Excerpt: The Dark King Swallows the World by Robert G Penner

Excerpted with permission from Radiant Press

She woke as the train descended wind-swept hills into a forest of tall evergreens. The view seemed very rugged and un-English to her. Maybe German. Or Swiss. But even more surprising than the alpine landscape was the small man sitting across from her playing solitaire on the fold-out table beneath the window. He had on an old-fashioned, well-worn, but very neat, dark suit. His head was suspended in a halo of grey hair, heavy caterpillar eyebrows bunched together in concentration. A moustache drooped over his straggly goatee. His hands hovered over the cards. The fine hairs on the back of his fingers and hands grew thicker and blacker as they crept up his wrists and vanished into the mellow white of his shirt. Nora watched through half-lidded eyes as the little hands started to dart about and the cards snapped and cracked in a blur of intricate movement.

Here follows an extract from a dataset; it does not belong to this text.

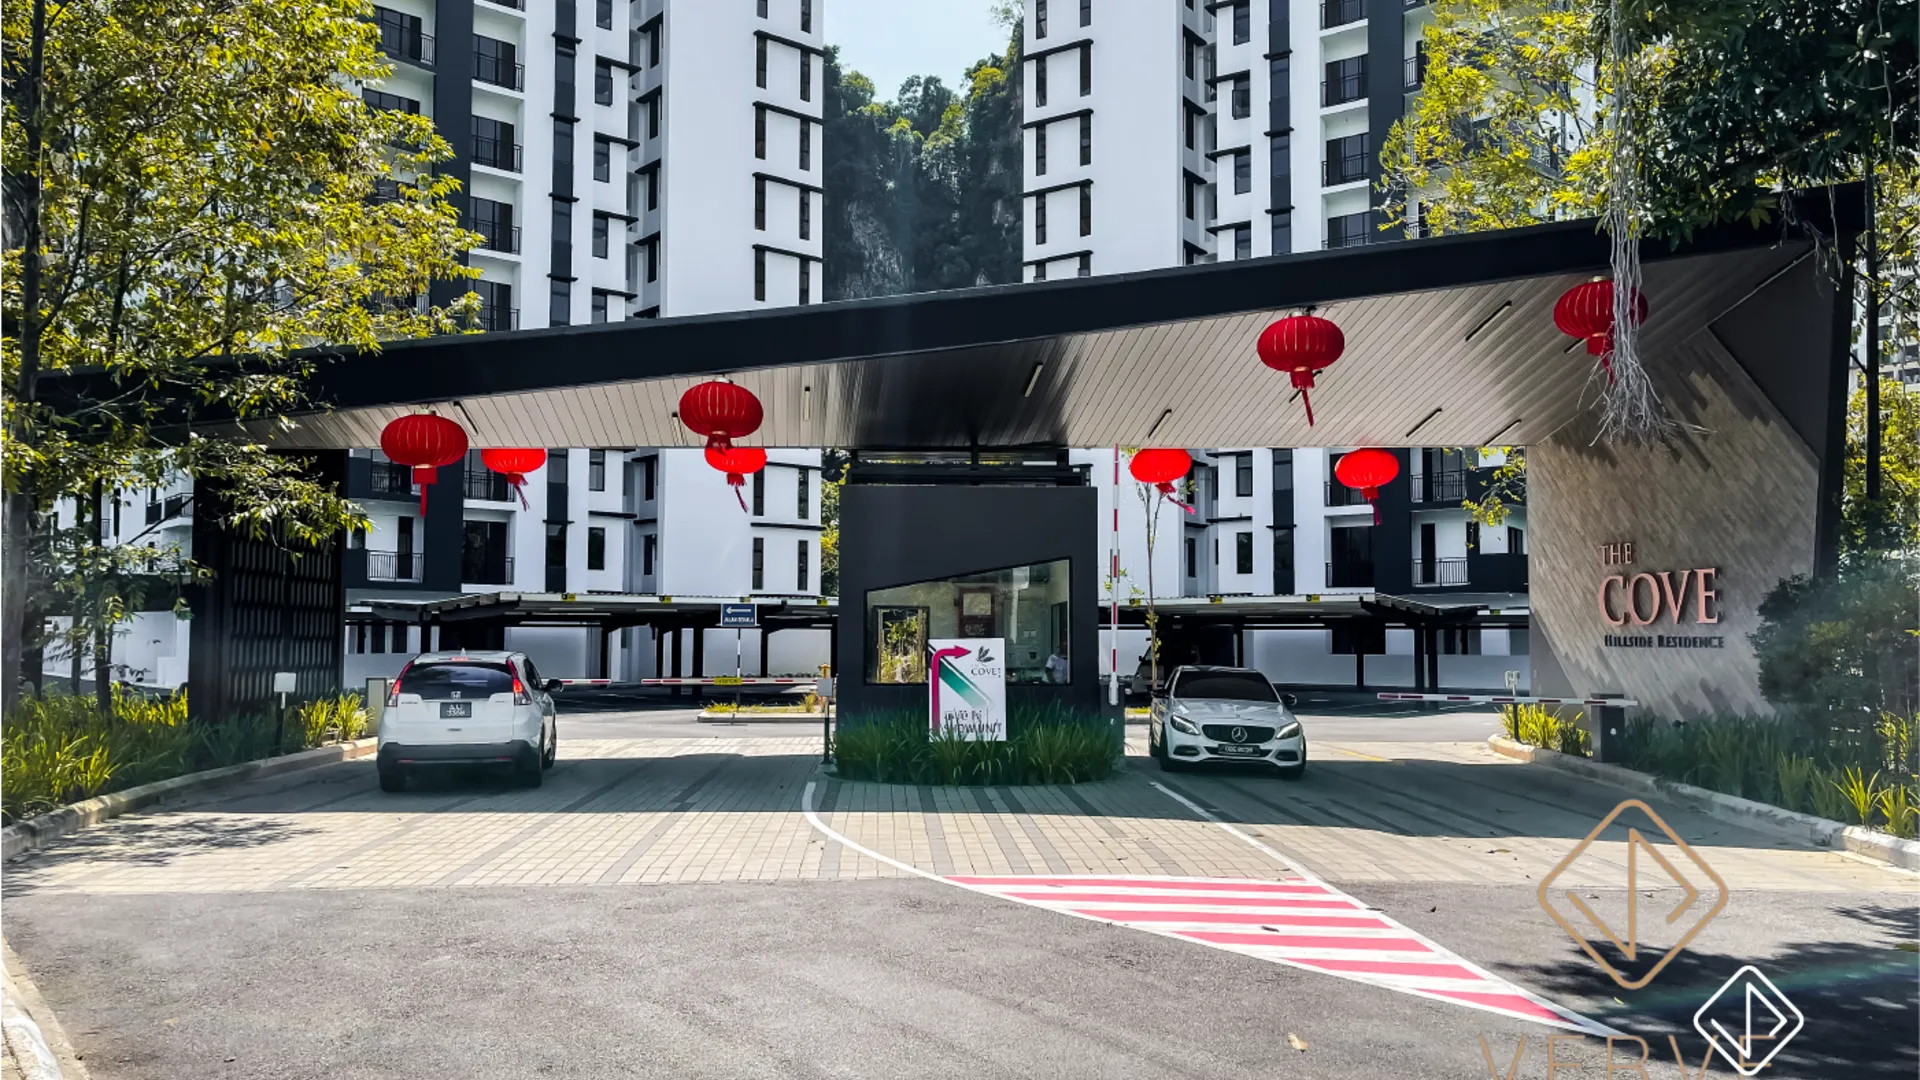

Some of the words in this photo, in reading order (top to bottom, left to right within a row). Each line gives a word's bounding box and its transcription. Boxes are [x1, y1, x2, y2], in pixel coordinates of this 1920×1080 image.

[1599, 542, 1633, 566] THE
[1598, 567, 1722, 627] COVE
[1604, 634, 1654, 648] HILLSIDE
[1657, 634, 1725, 649] RESIDENCE

She watched in a reverie for quite some time. The sun flashed in and out of the tall trees along the track. The creak and moan of the carriage sounded like an old sailing ship, like they were cutting across the waves on a breezy day. Occasionally, the old man looked up at her slyly from beneath his beetled brow as his fingers danced about. When their eyes finally met, Nora smiled at him, and he gave her a small smile in return.

“Good sleep, yes?” he asked, and she could hear the burr of an accent, maybe something Teutonic, something that matched the scenery.

“It was lovely,” said Nora and stretched. She dug around in her bag and found the can of peppermints her grandmother had packed for her. She popped one in her mouth.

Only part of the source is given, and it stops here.